Mapping risk factors

In this section, we present the two methods that match risk factors to clusters of questions in a clinical study. Method 1 uses Natural Language Tool Kit (NLTK)²⁶ and Method 2 uses Lucene²⁵. Both use the same four steps as outlined in our previous article.¹⁴ These are Concept Name Match, Concept Property Match, Vocabulary Match, and Structural Match. The first three steps focus on matching ontology keywords to terms used in the questions in clinical studies, each at a different level in the ontology, while the fourth uses the structure of the study to match further questions. In essence, each step adopts the same approach but uses different keywords for matching with the questions. For Step 1, we use the risk factor names (see Table 1); for Step 2, we use the properties that describe the risk factor; and for Step 3, we use all keywords that are contained in the vocabulary and are associated with the risk factor.

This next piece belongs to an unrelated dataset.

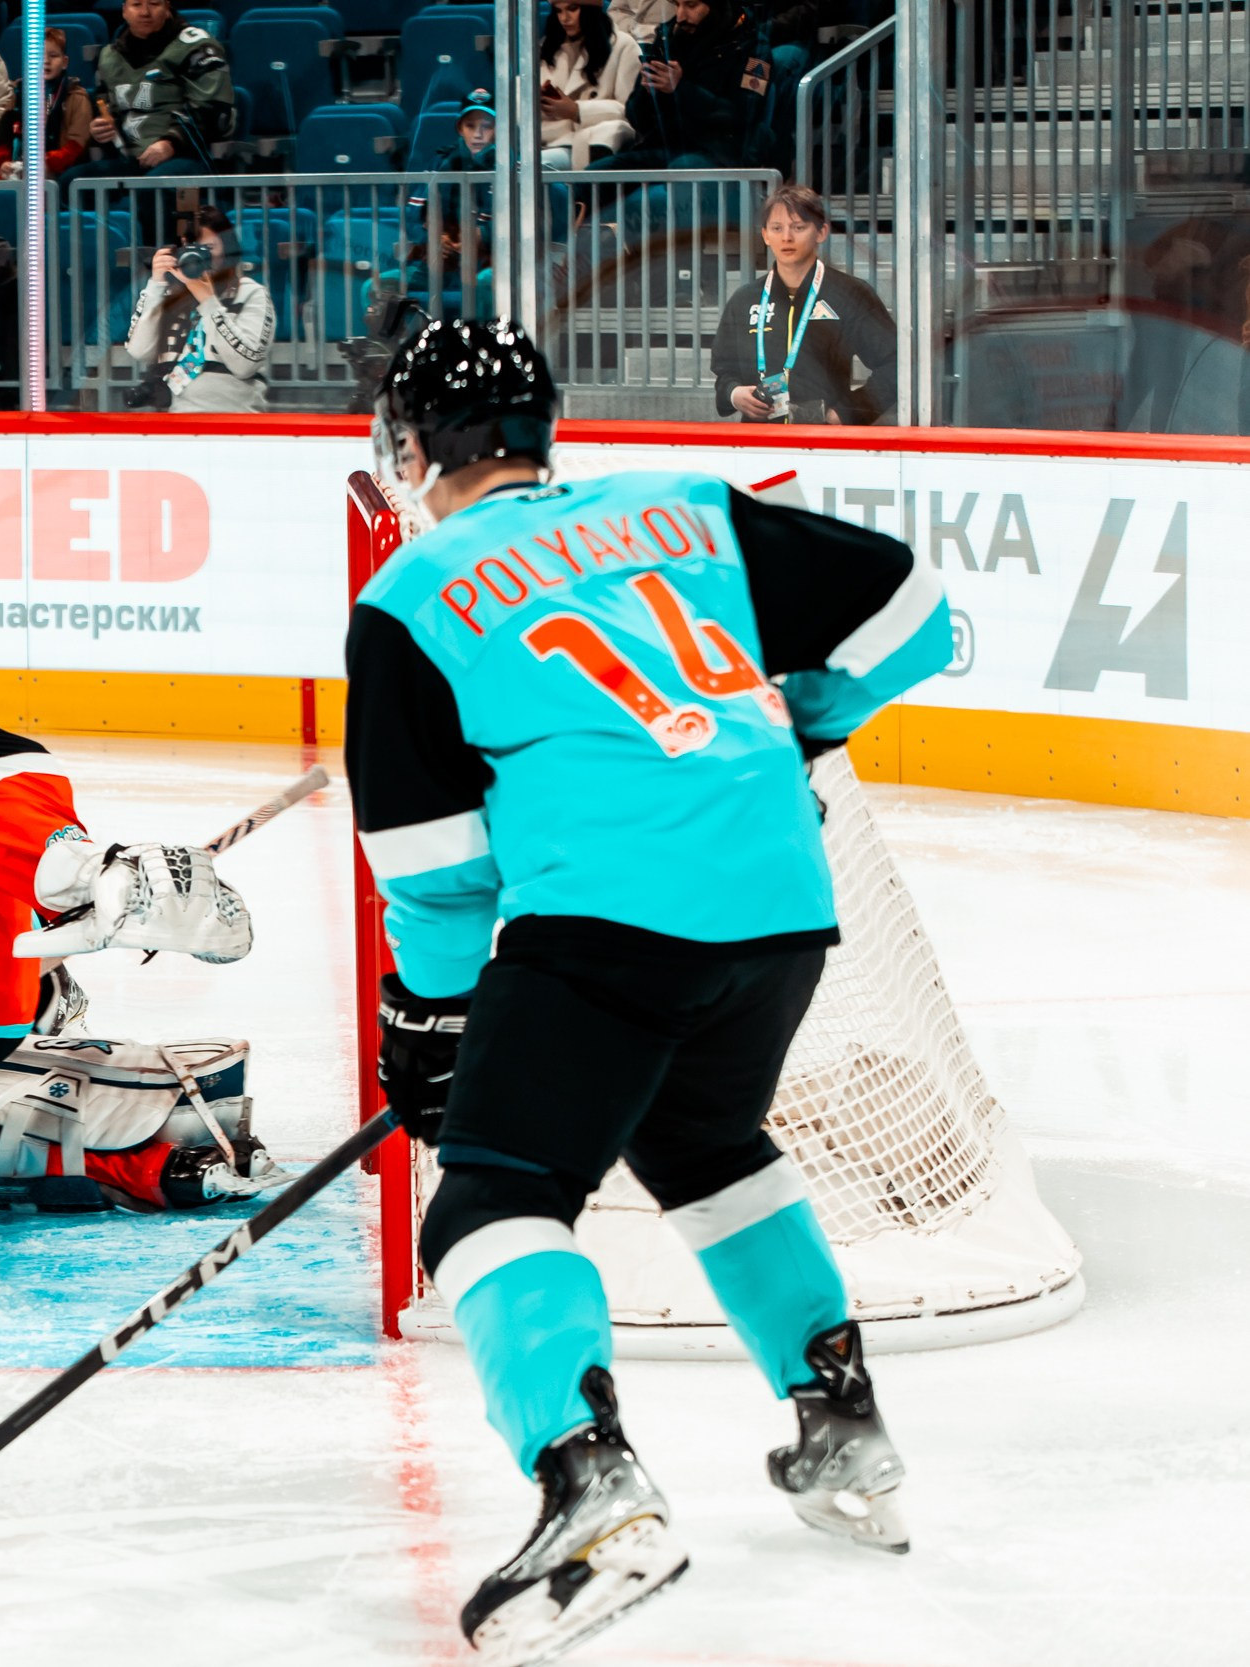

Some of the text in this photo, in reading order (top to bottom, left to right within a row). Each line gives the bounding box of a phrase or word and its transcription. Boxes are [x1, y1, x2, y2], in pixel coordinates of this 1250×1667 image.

[439, 506, 717, 637] POLYAKOV
[822, 486, 1041, 574] TIKA
[519, 570, 791, 759] 14
[99, 1221, 253, 1363] CCM
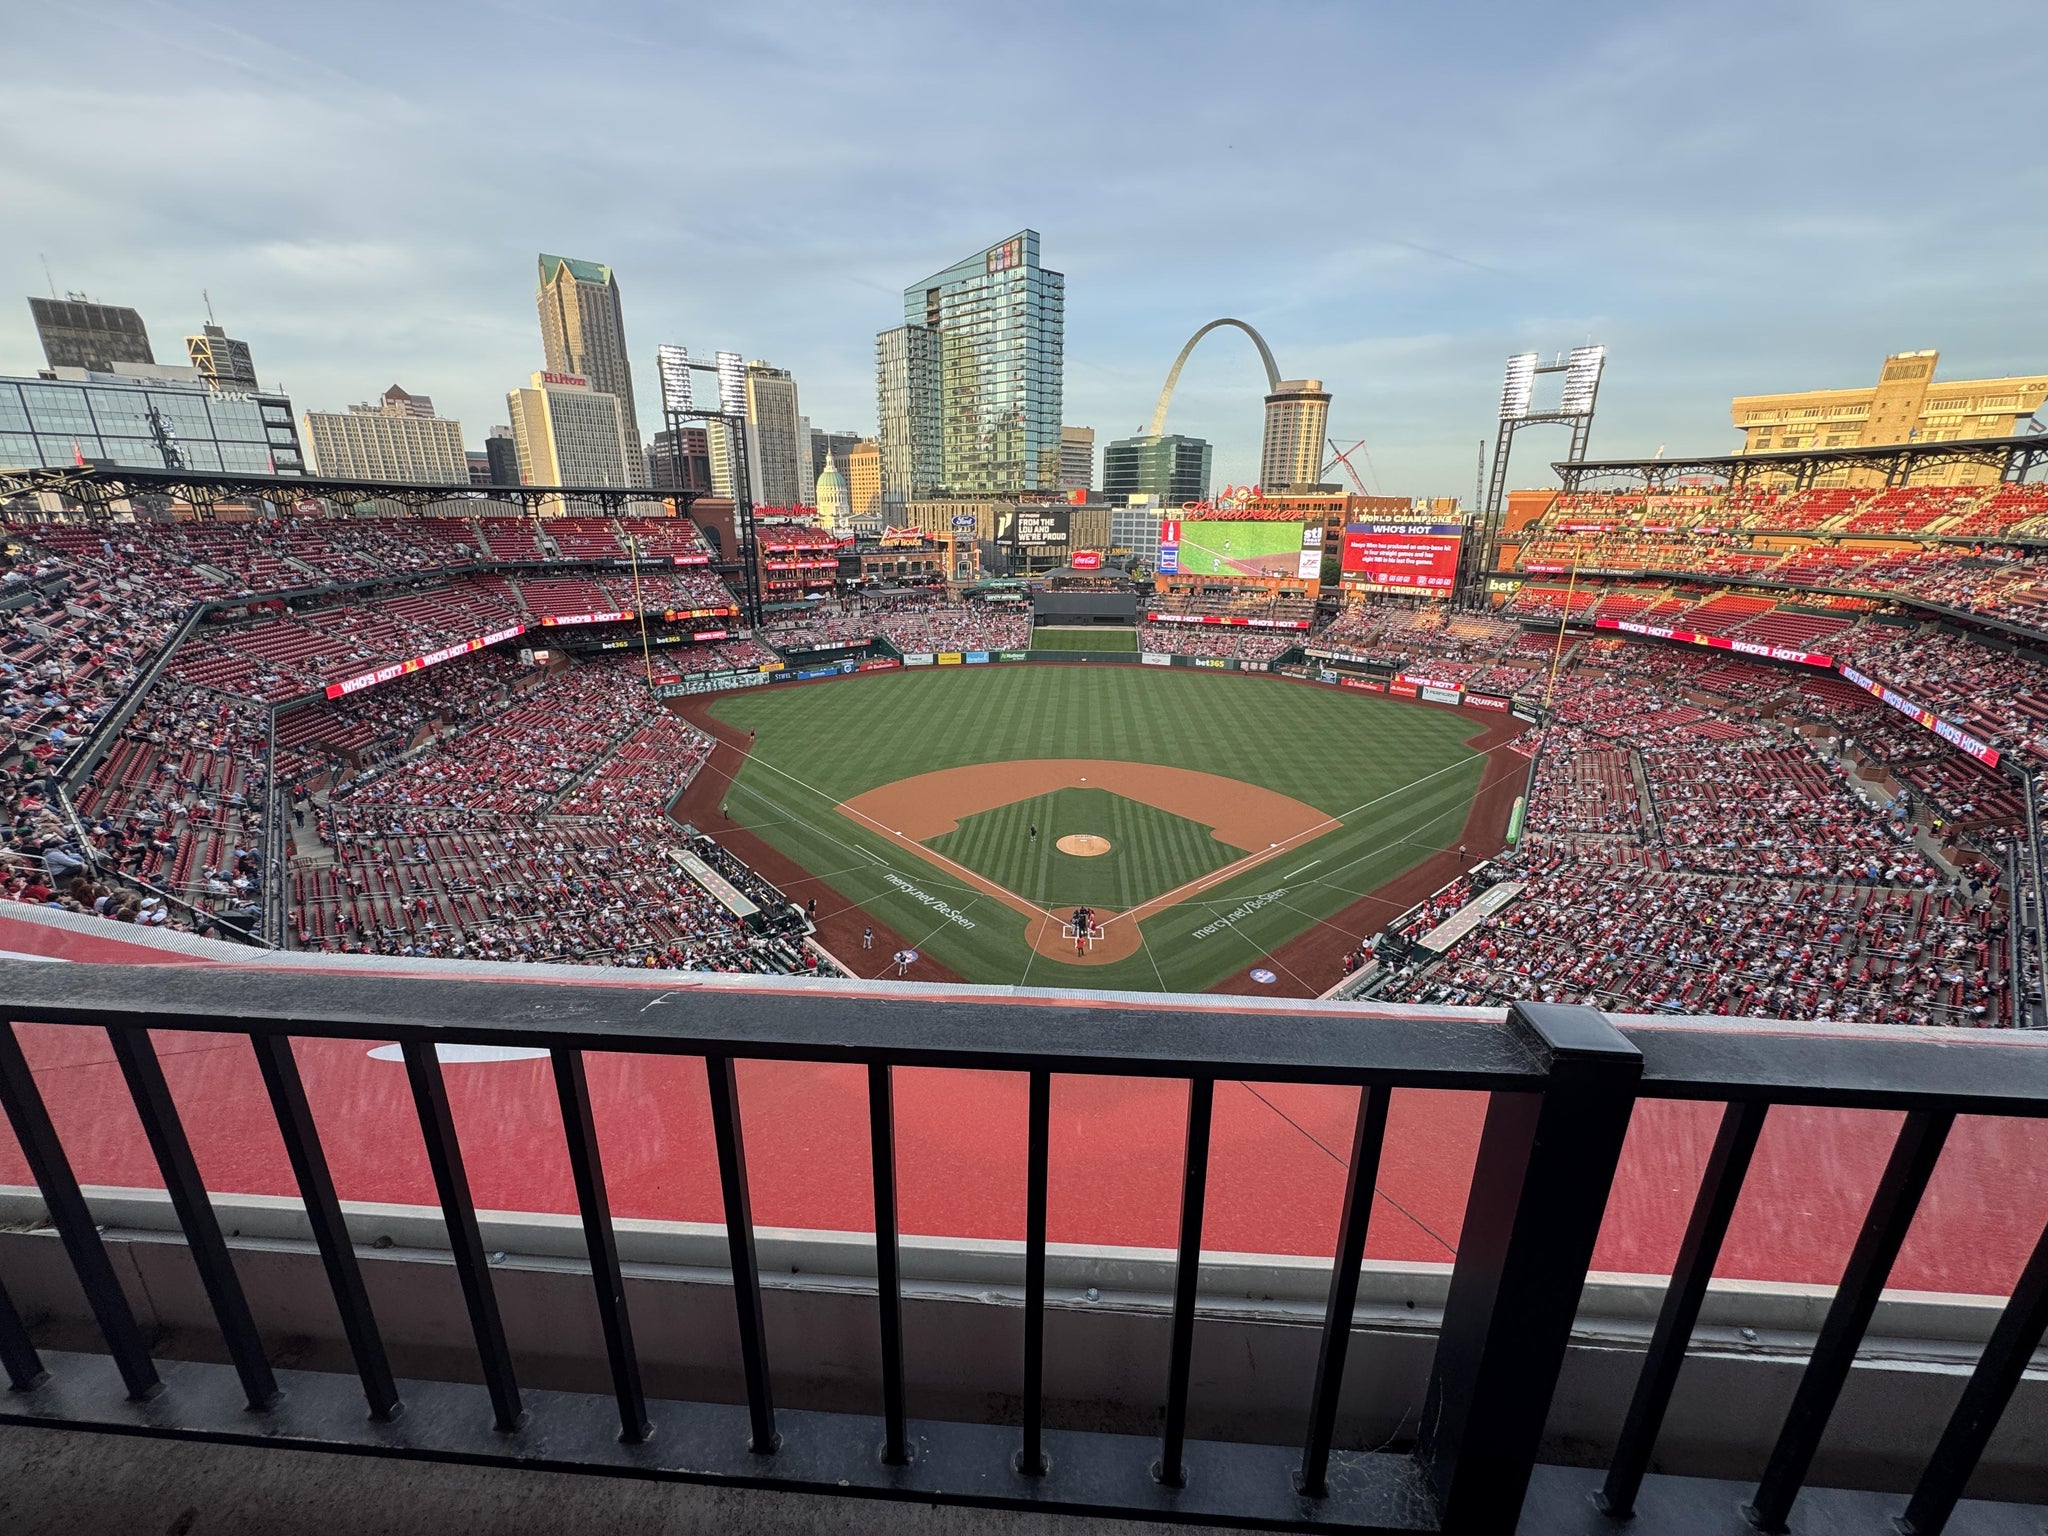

NLTK method using synonyms

The NLTK approach was described in Roantree et al.¹⁴ and is briefly discussed again here for comparison with our more recent approach (discussed in Section “Lucene method using stemming and phrases”). The method was to find synonyms for all keywords and use this larger keyword set to map to as much of the clinical study as possible. The underlying NL technology used was WordNet¹⁶ which allowed us to set thresholds for increasing or decreasing the matching proximity. For each iteration of keyword matching, we begin with a set of terms that represent the risk factor

{RF}_{i} = {{RF}_{t 1}, {RF}_{t 2} {, \dots, RF}_{tn}}

Each term RF_ti is passed to the WordNet system¹⁶ together with a threshold T_ti which represents the level of synonym match to be used. WordNet then returns set(s) of word matches, which are combined so that for each term RF_ti, there is now a set of terms. In some cases, this will be a singleton set where only the term itself is returned

\begin{array}{l} {RF}_{t 1} = {{RF}_{t 11} {, RF}_{t 12} {, \dots, RF}_{t 1 n}} \\ {RF}_{t 2} = {{RF}_{t 21} {, RF}_{t 22} {, \dots, RF}_{t 2 m}} \\ \dots \\ {RF}_{tp} = {{RF}_{tp 1} {, RF}_{tp 2} {, \dots, RF}_{tpq}} \end{array}

The goal at this point is to reduce multiple sets of synonyms to a single set for each risk factor as argument for the comparison algorithm. For risk factor RFi, we refer to the set of all possible synonyms as RFTi. A union operation is used to create a single set so that for risk factor RF_i, all synonyms are present in RFT_i

{RFT}_{i} = {{RF}_{t 1} \cup {RF}_{t 2} \cup {RF}_{t 3} \dots \cup {RF}_{tn}}

At this point, we have a single set of terms to represent each risk factor RF_i.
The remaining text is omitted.